* **Problem statement**: Please reproduce the final stretch of the listing below: the line that contains "this 1600×1110 image." and all lines after it, verbatim, with nothing else.

* **Data to examine**:
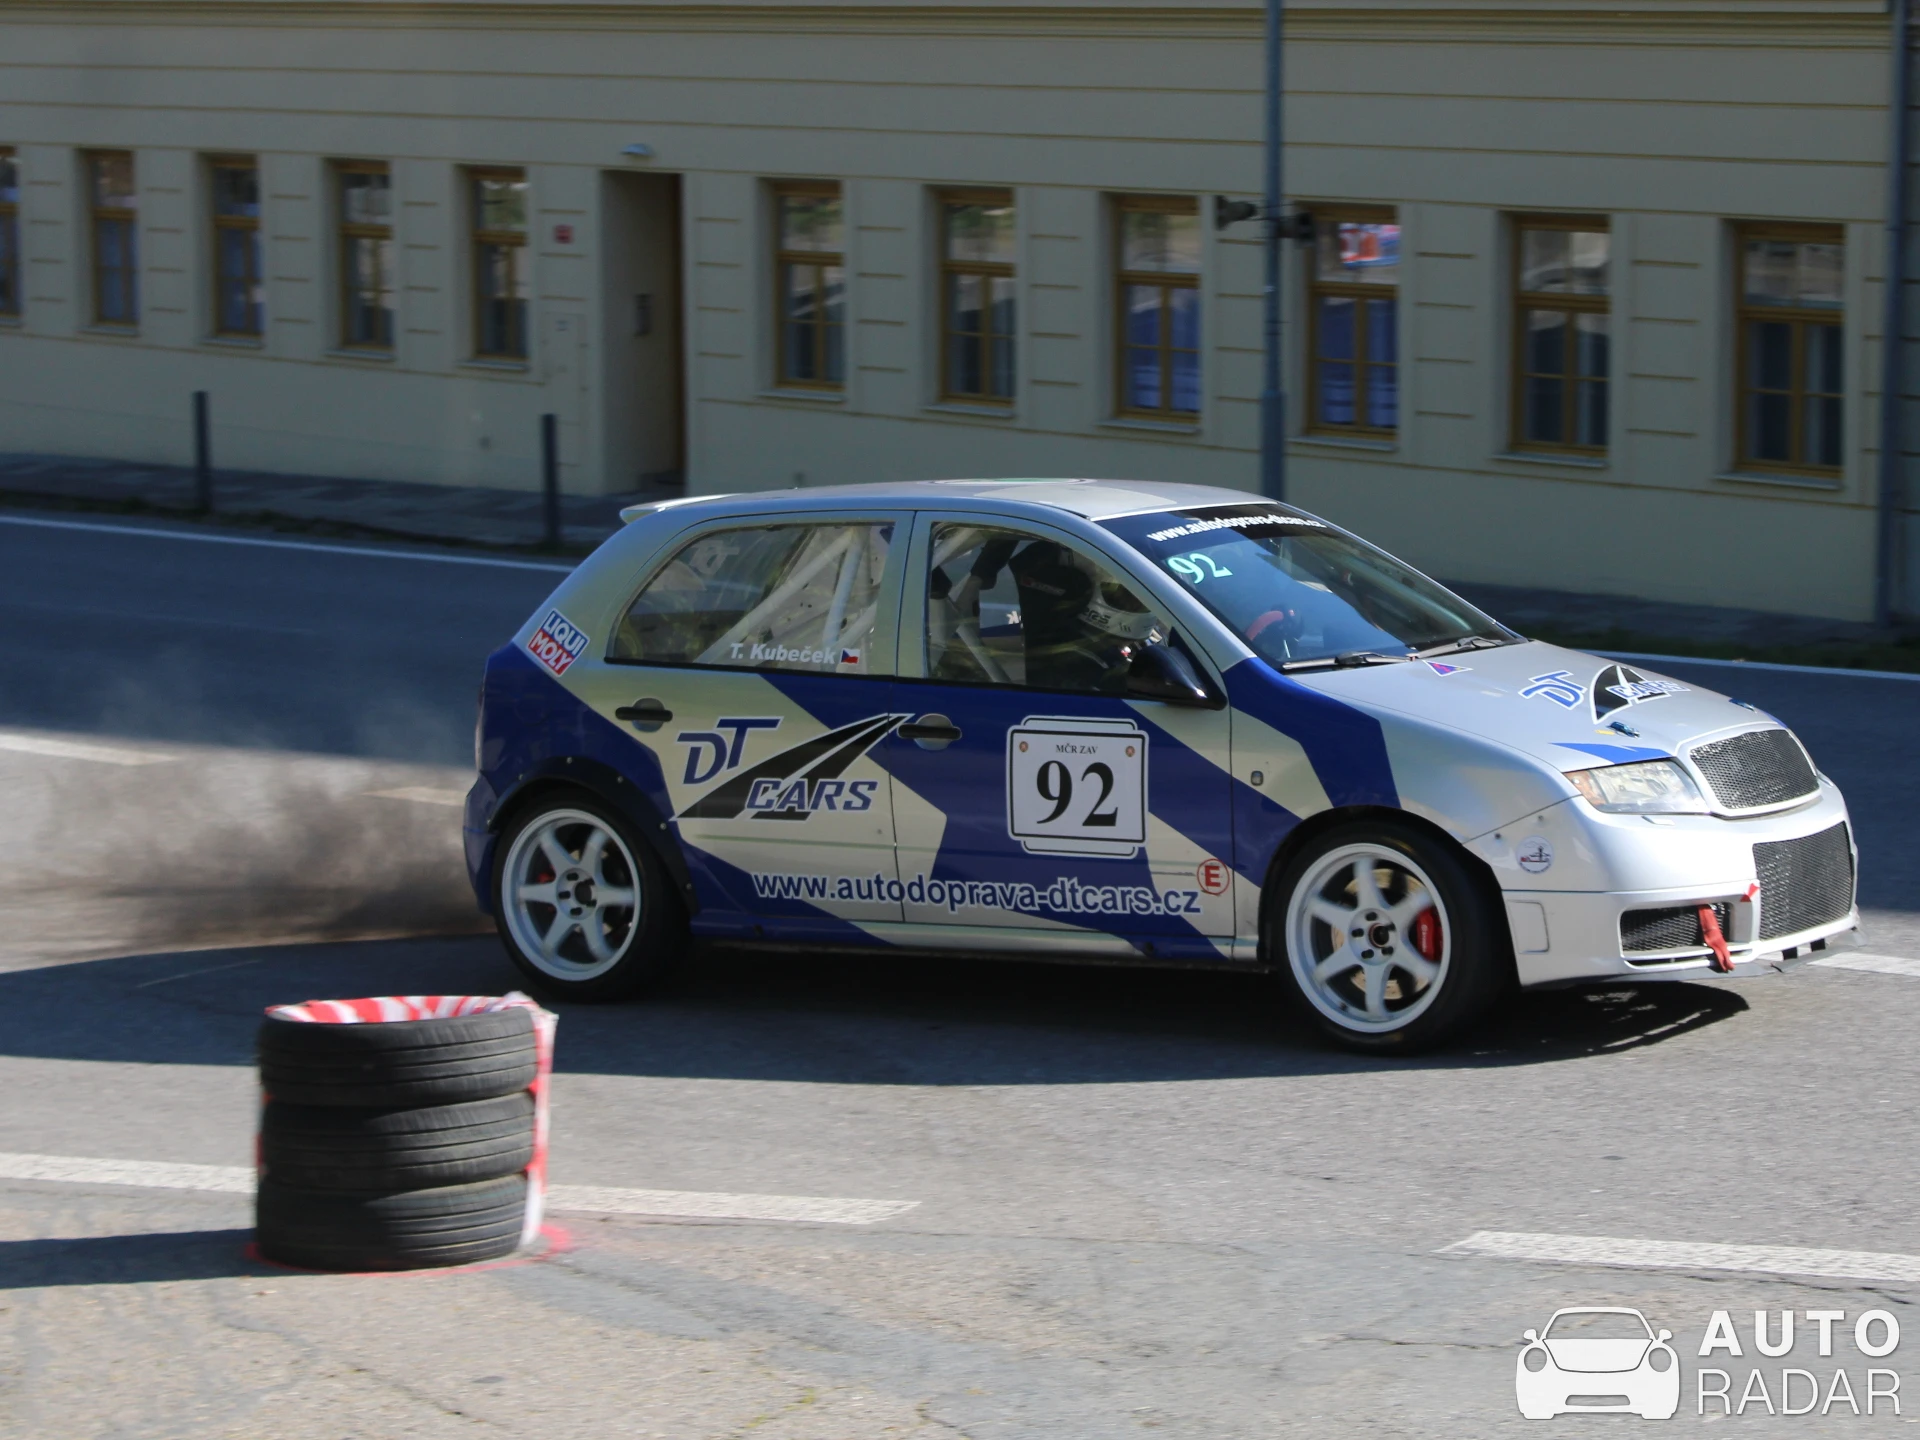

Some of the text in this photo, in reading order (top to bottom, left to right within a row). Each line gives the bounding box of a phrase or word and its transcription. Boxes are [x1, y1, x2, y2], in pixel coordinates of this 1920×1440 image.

[1167, 552, 1233, 584] 92
[530, 631, 572, 671] MOLY
[543, 612, 586, 656] LIQUI
[730, 642, 836, 664] T. Kubeček
[1518, 670, 1588, 710] DT
[677, 717, 783, 785] DT
[1055, 743, 1098, 755] MČR ZAV
[746, 778, 878, 812] CARS
[1036, 760, 1118, 826] 92
[752, 873, 1202, 914] www.autodoprava-dtcars.cz
[1203, 865, 1221, 887] E
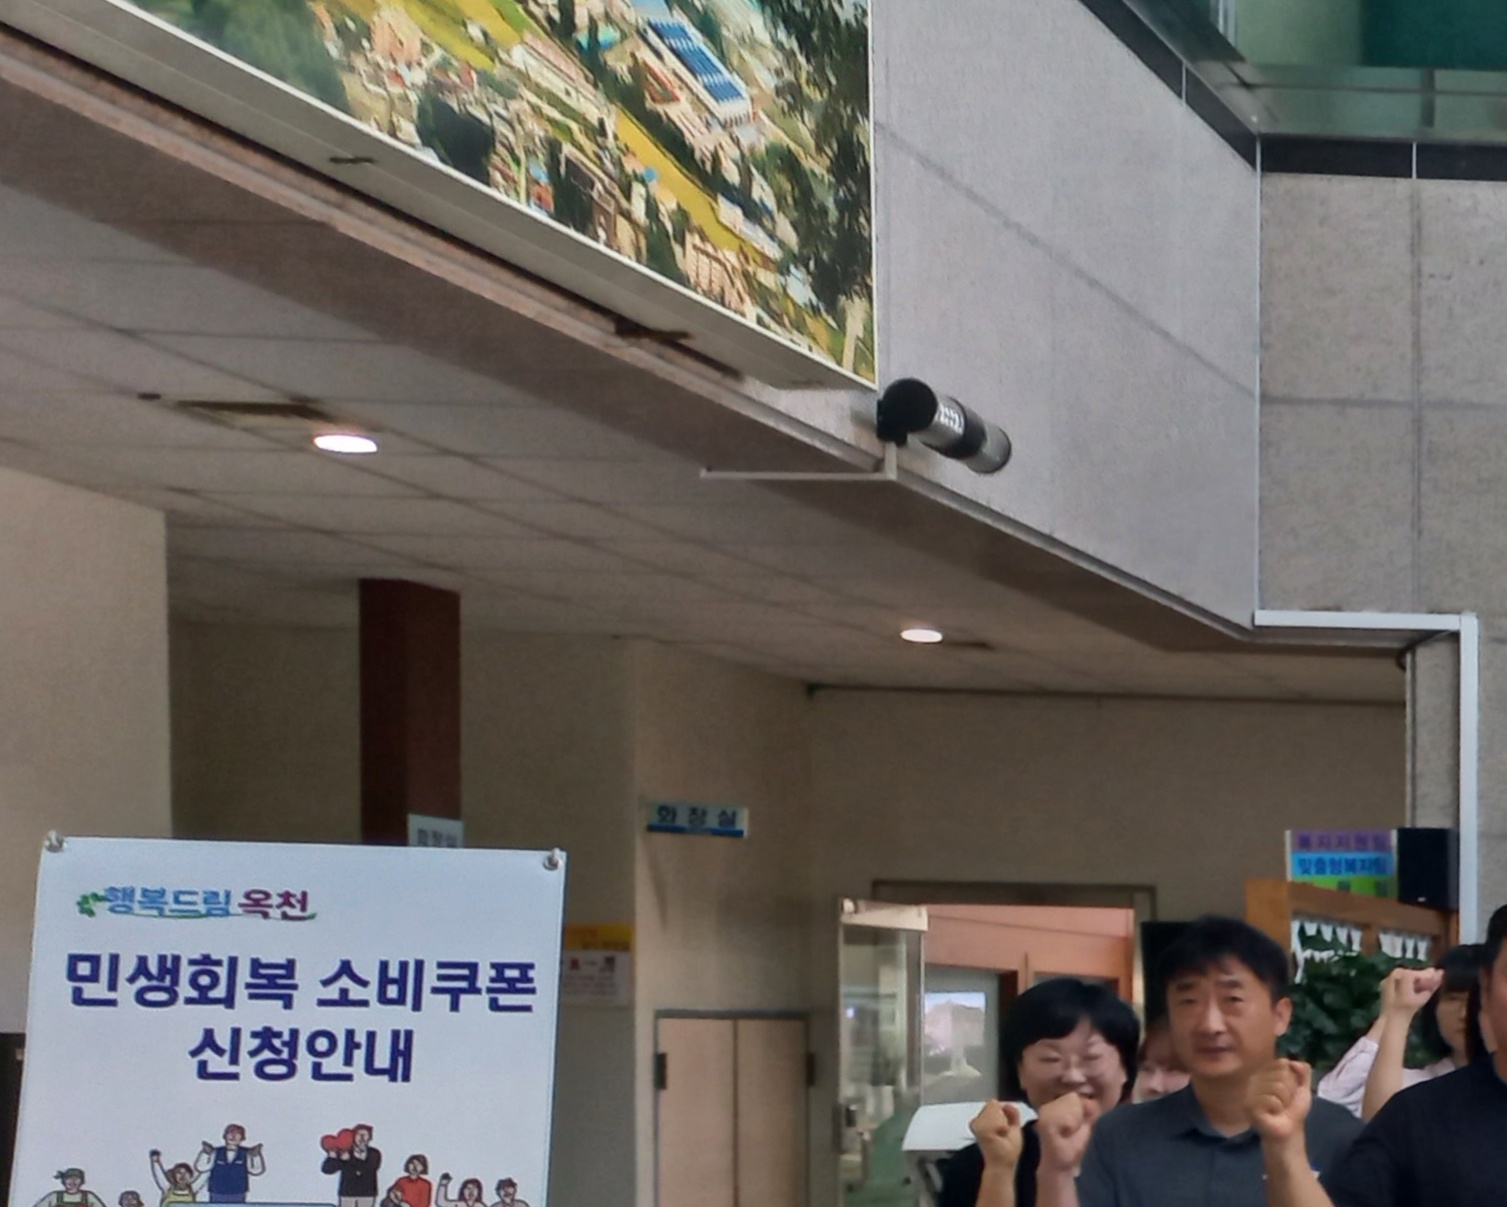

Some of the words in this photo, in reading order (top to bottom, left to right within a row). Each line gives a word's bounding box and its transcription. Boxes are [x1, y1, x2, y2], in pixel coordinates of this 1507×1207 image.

[658, 805, 737, 828] 화장실
[104, 886, 231, 917] 행복드림
[238, 888, 309, 921] 옥천
[65, 952, 299, 1010] 민생회복
[315, 959, 538, 1013] 소비쿠폰
[189, 1026, 415, 1083] 신청안내
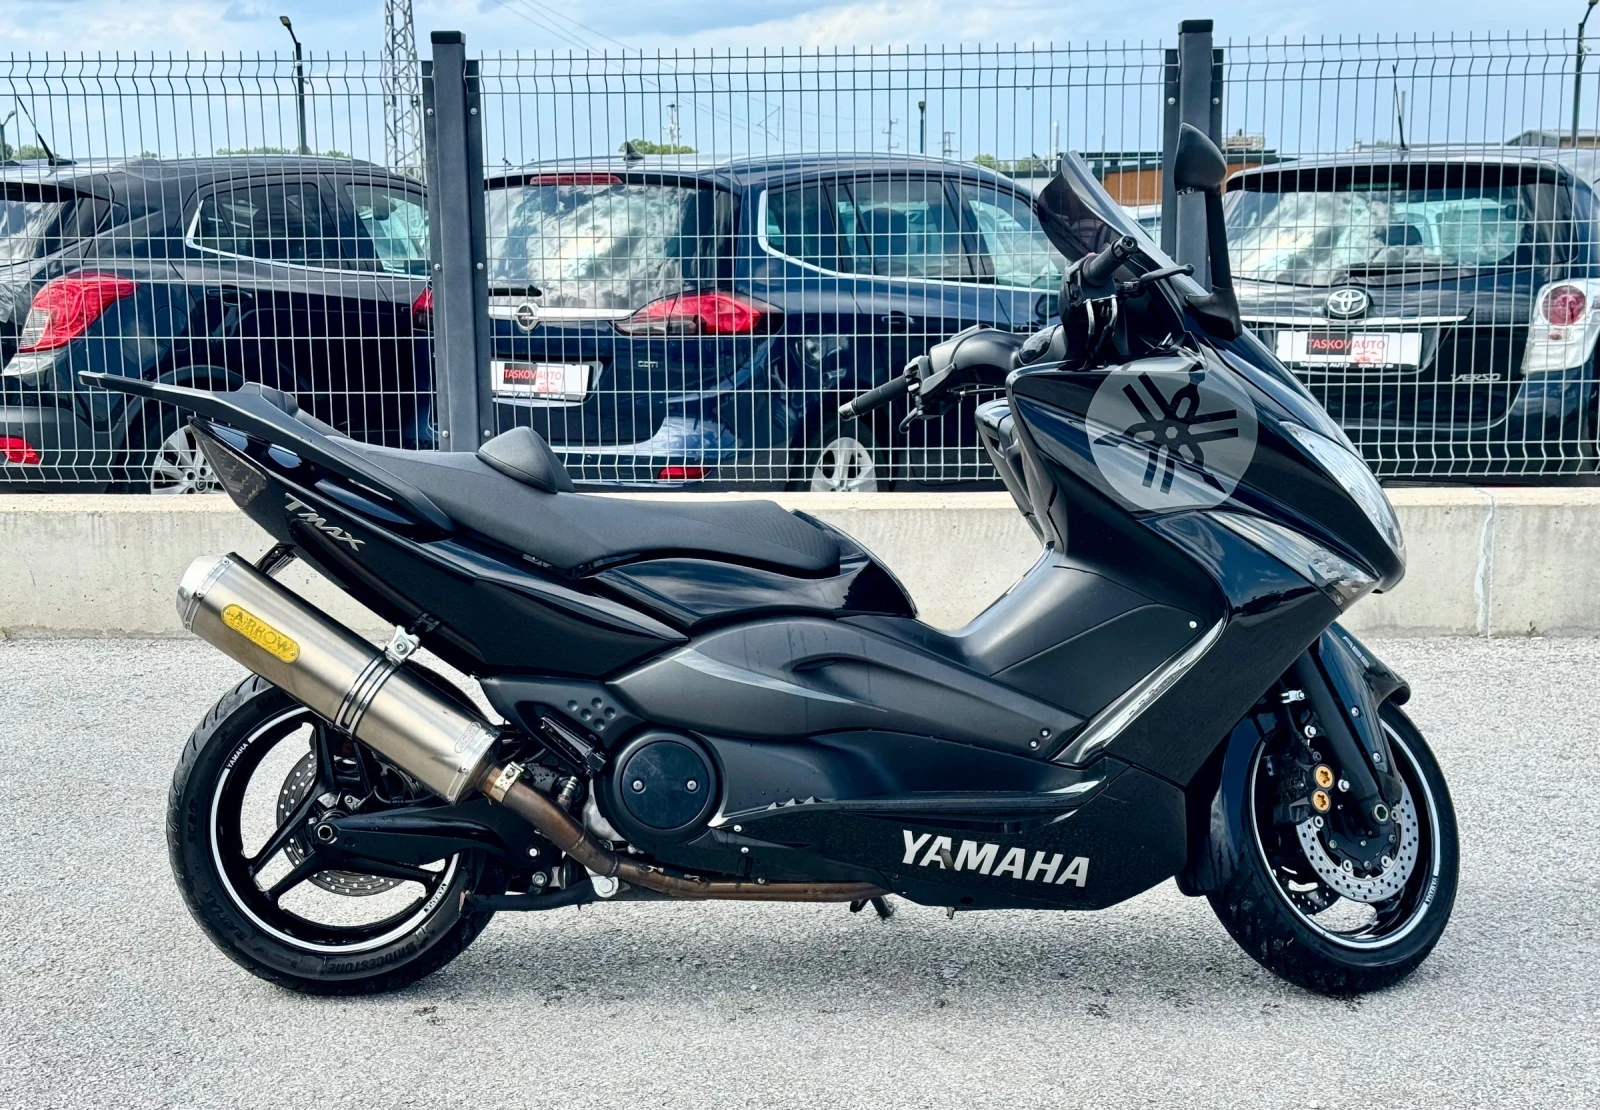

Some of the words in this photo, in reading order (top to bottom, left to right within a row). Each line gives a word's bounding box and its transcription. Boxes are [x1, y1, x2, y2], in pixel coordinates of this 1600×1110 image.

[1450, 372, 1502, 382] VERSO
[232, 610, 293, 653] ARROW
[226, 742, 250, 768] YAMAHA
[901, 828, 1091, 888] YAMAHA
[326, 940, 419, 975] BRIDGESTONE

* **Answer area**:
Some of the words in this photo, in reading order (top to bottom, left to right within a row). Each line gives a word's bounding box and its transcription. Boxes are [x1, y1, x2, y2], in pixel coordinates of this 1600×1110 image.

[1450, 372, 1502, 382] VERSO
[232, 610, 293, 653] ARROW
[226, 742, 250, 768] YAMAHA
[901, 828, 1091, 888] YAMAHA
[326, 940, 419, 975] BRIDGESTONE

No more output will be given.